Scott has tried securities and commodities fraud cases. He knows how federal prosecutors use trading data, chat logs, and electronic communications to build fraud cases. He uses that experience to find the weaknesses in the government's case and challenge its theories at every stage of an investigation. And if a case cannot be resolved on favorable terms, Scott has the trial skills and first-chair experience to defend his clients at trial in federal court.
False Claims Act Defense & Procurement Fraud Defense
Scott defends healthcare providers, government contractors, and executives against False Claims Act (31 U.S.C. §§ 3729–3733) investigations, qui tam whistleblower lawsuits, and procurement fraud allegations.
Scott represents clients at every stage of an FCA enforcement case. He defends clients responding to Civil Investigative Demands (CIDs), during the sealed phase of qui tam actions, through DOJ intervention decisions, in settlement negotiations, and at trial if necessary. Because FCA investigations often carry parallel criminal exposure and collateral consequences, such as OIG exclusion or debarment from federal programs, Scott draws on his near decade-long tenure at DOJ's Fraud Section to defend clients across the full spectrum of civil, criminal, and administrative proceedings.
Scott's healthcare FCA defense practice is built on his experience as lead counsel in criminal healthcare fraud cases at DOJ involving over $600 million in false and fraudulent claims. He defends healthcare providers and executives against FCA allegations of upcoding, billing for medically unnecessary services, and Anti-Kickback Statute (42 U.S.C. § 1320a-7b) violations across wound care, home health, telehealth, pharmacy, laboratory testing, and Medicare Part B services.
Scott's procurement fraud defense practice covers bid-rigging, cost-mischarging, defective pricing, product substitution, and fraud involving Small Business Administration (SBA) programs.
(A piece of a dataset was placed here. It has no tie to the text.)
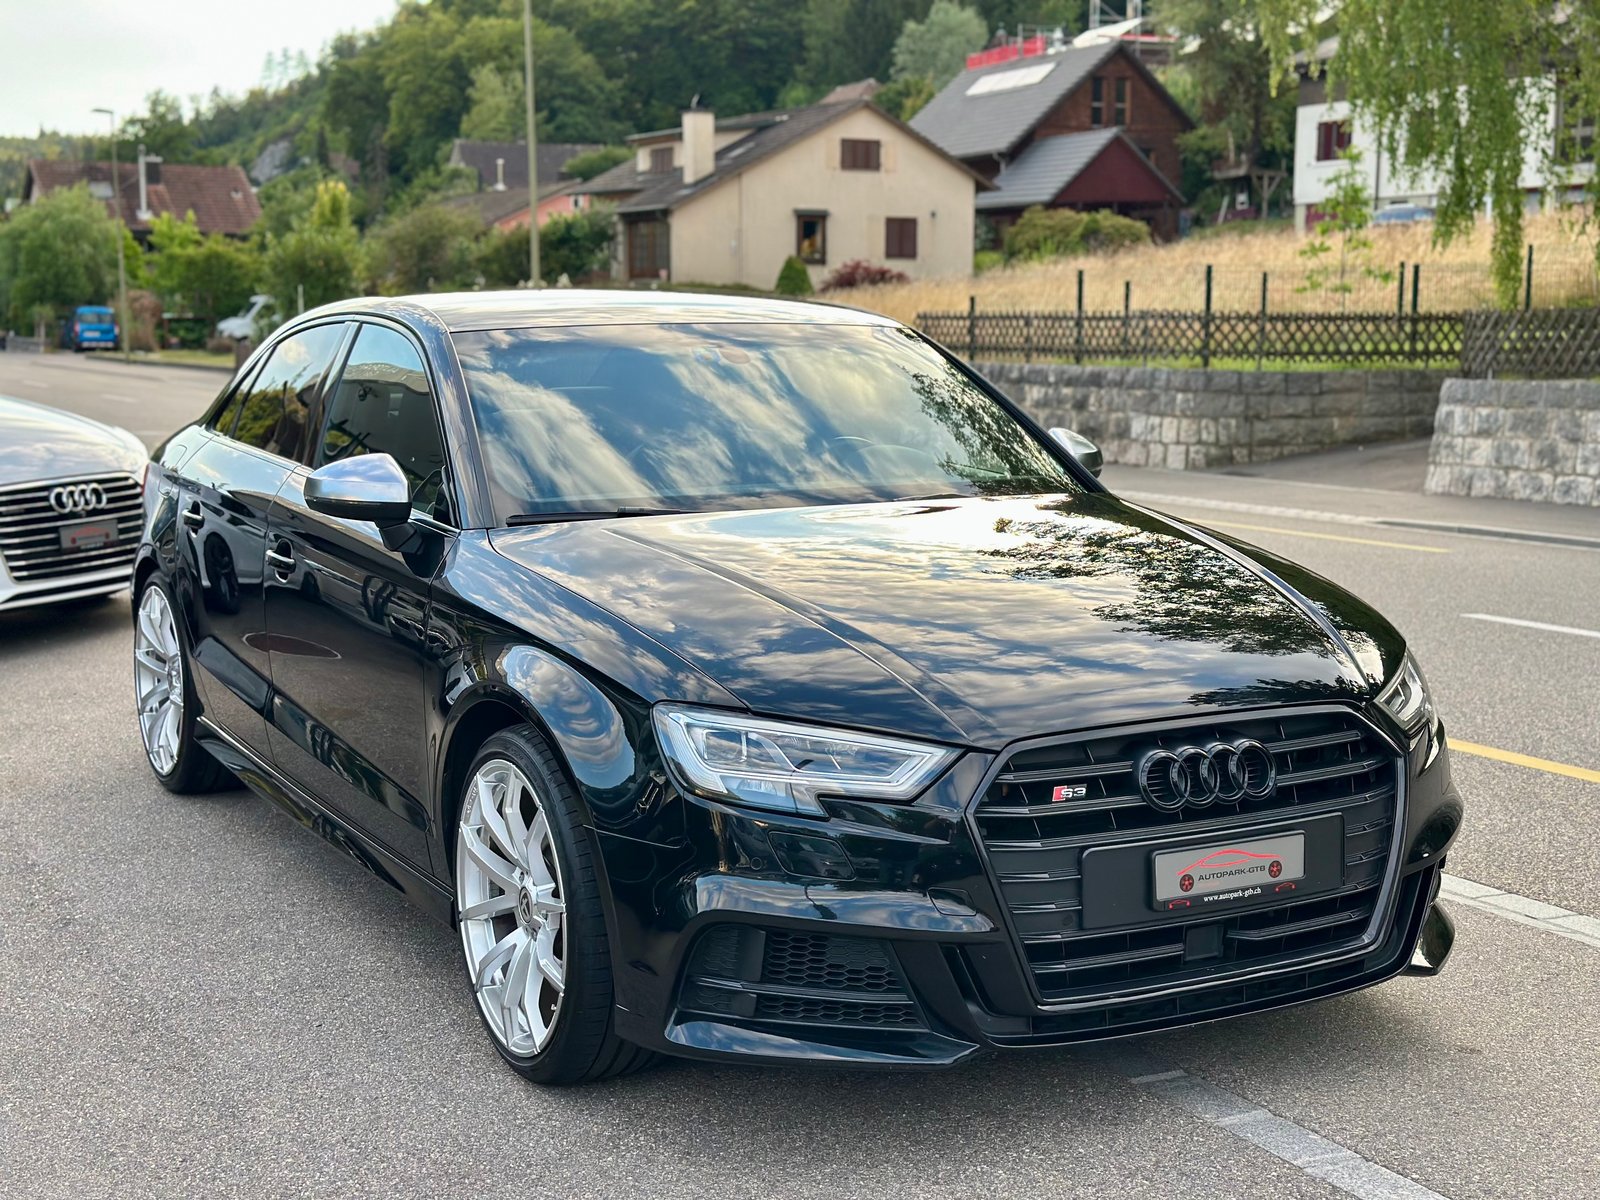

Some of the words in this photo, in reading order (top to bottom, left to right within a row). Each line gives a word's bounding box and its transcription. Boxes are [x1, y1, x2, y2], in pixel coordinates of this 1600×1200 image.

[1060, 787, 1087, 798] S3
[1198, 865, 1266, 881] AUTOPARK-GTB
[1203, 887, 1261, 902] www.autopark-gtb.ch
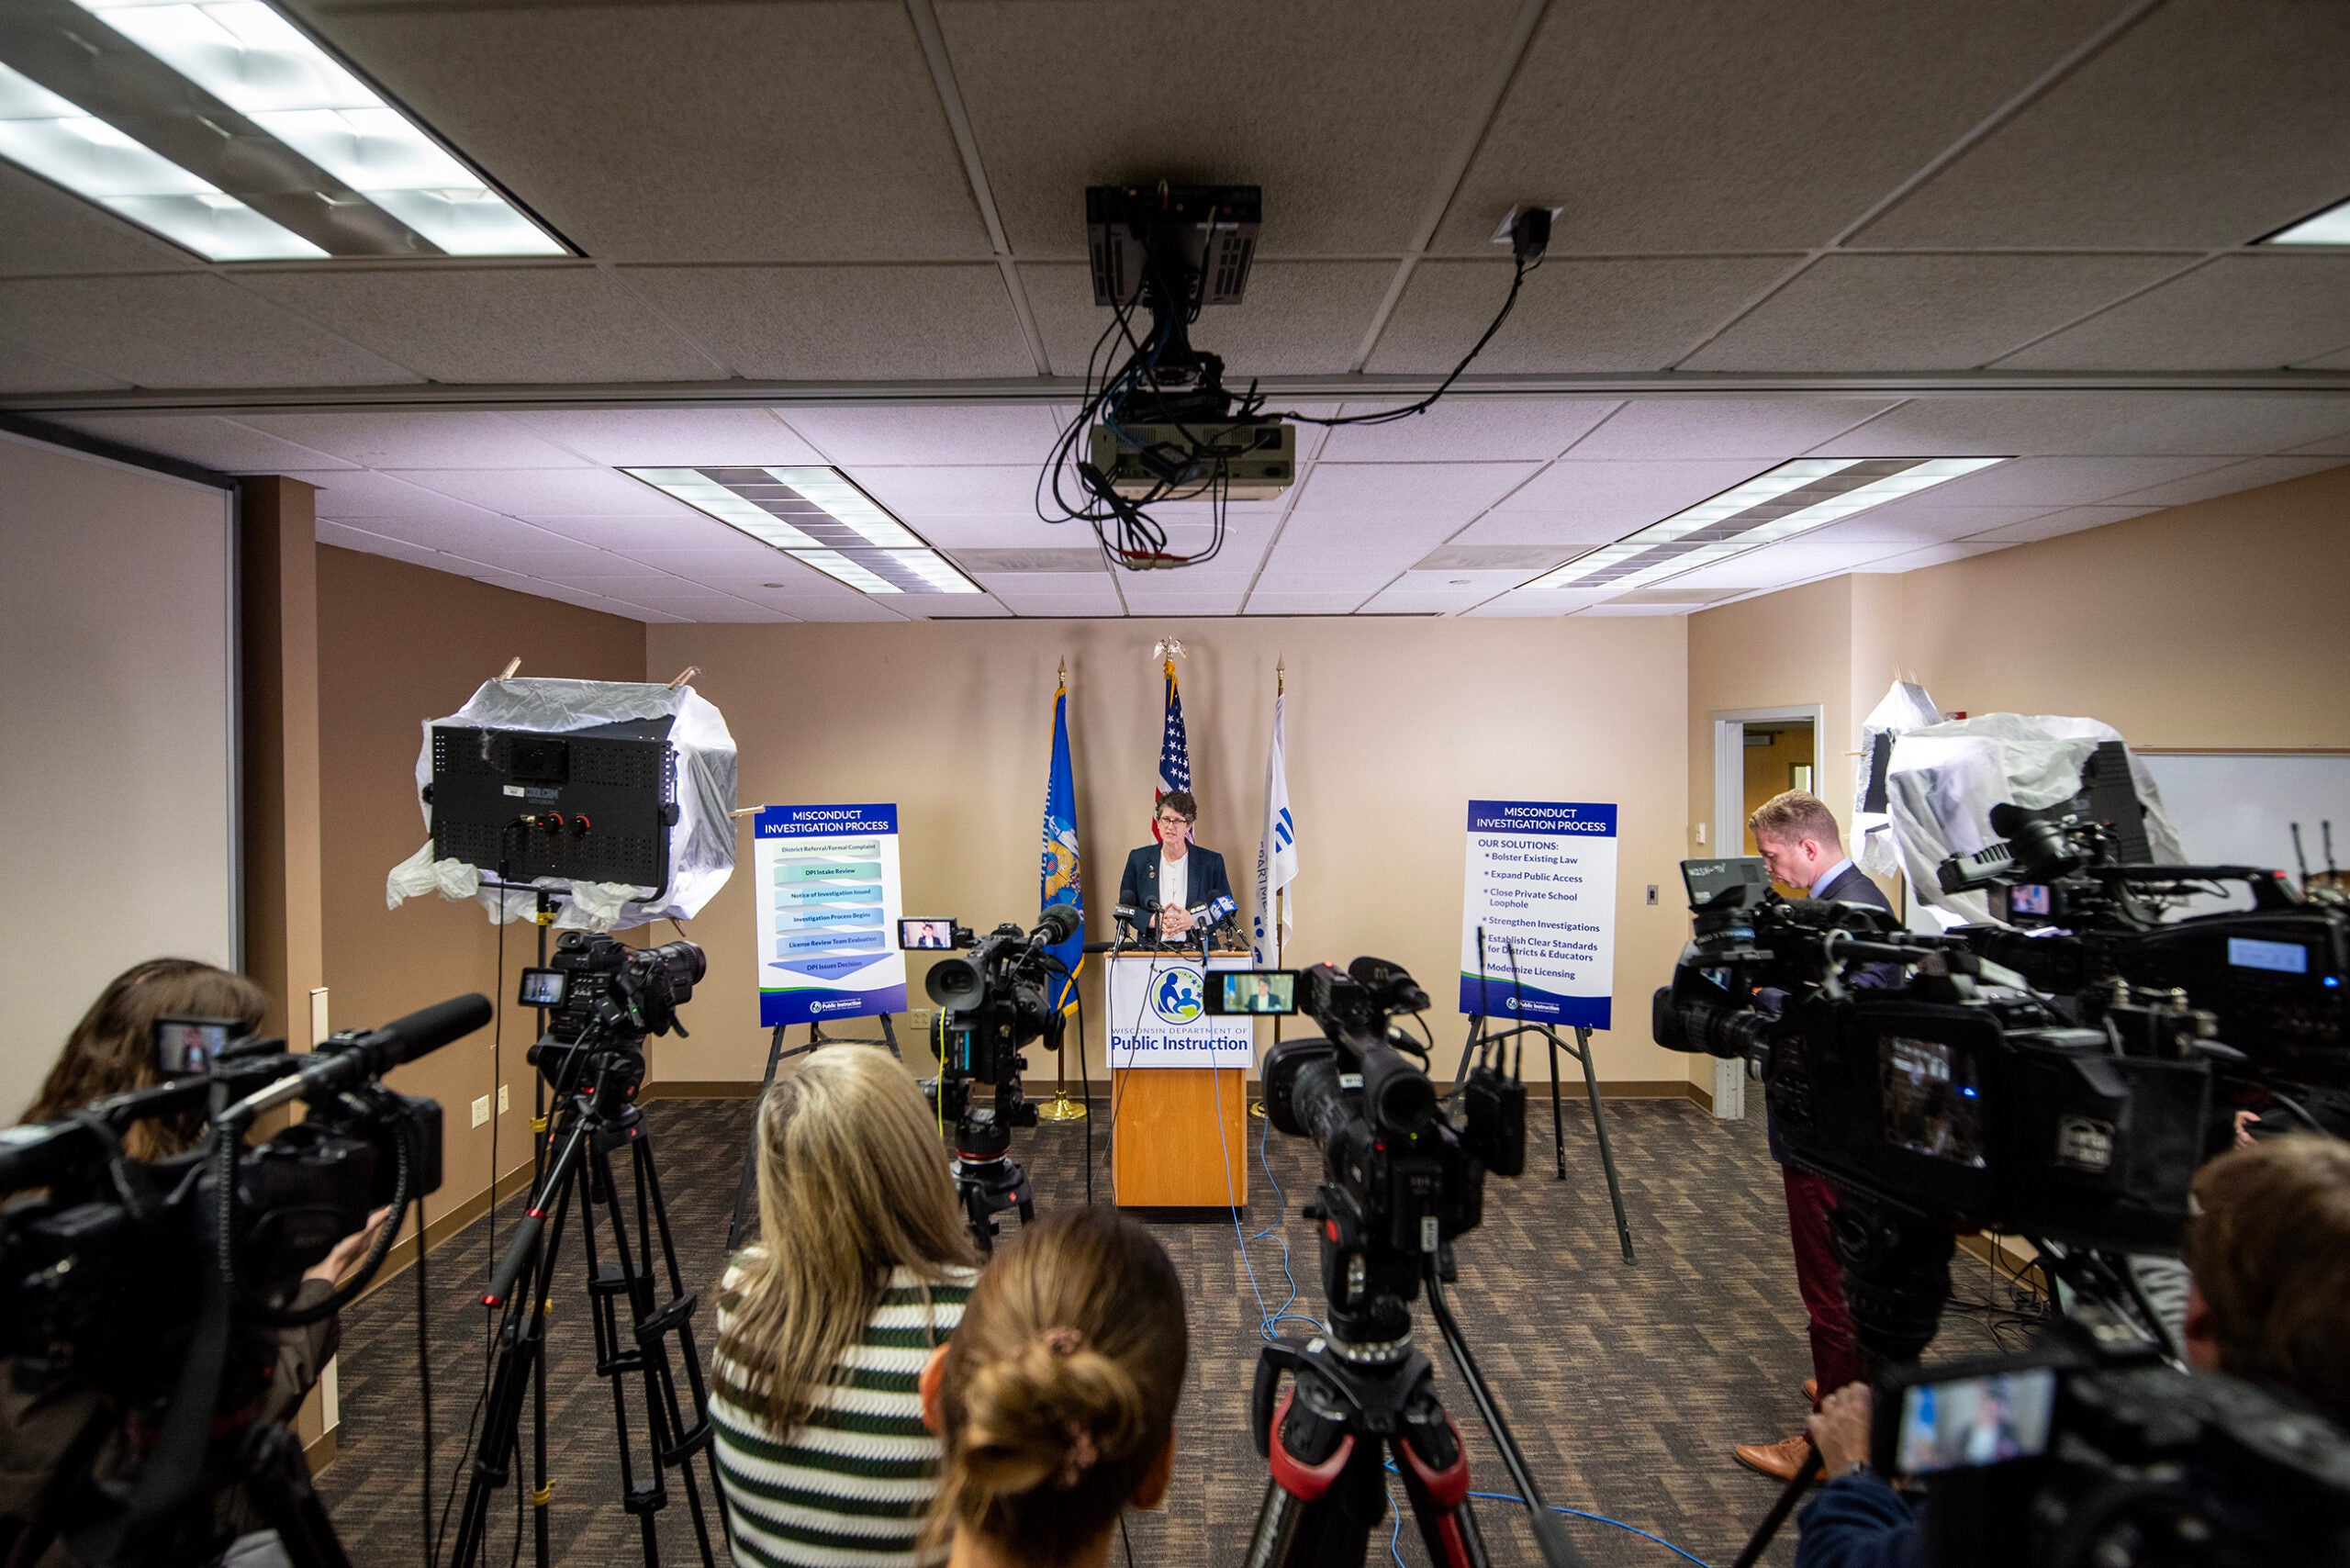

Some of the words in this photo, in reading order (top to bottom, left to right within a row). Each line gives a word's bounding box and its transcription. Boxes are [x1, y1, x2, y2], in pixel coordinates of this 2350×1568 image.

He defends government contractors and executives in investigations and cases brought by the Defense Criminal Investigative Service (DCIS), the FBI, the Department of Health and Human Services Office of Inspector General (HHS-OIG), the Small Business Administration Office of Inspector General (SBA-OIG), federal Inspectors General, and United States Attorney's Offices nationwide.
Scott knows how the government seeks to build FCA cases because he did just that at the Fraud Section for nearly a decade. He uses that experience to challenge the government's theories of liability, defend against inflated damages calculations, and protect his clients across parallel civil, criminal, and administrative proceedings.
Cryptocurrency Litigation & Digital Asset Recovery
Scott represents clients in complex disputes involving digital assets, blockchain technology, and crypto investments. Scott handles both offensive and defensive cryptocurrency litigation. Scott prosecutes claims for his clients to recover lost or misappropriated cryptocurrency and investment losses. He also defends clients’ digital assets against government and third-party freeze orders, asset seizure, and civil and criminal forfeiture proceedings.
Scott has particular experience in smart contract disputes and navigating the complex technical and legal challenges of recovering digital assets that have become inaccessible through failed, exploited, or disputed smart-contract executions.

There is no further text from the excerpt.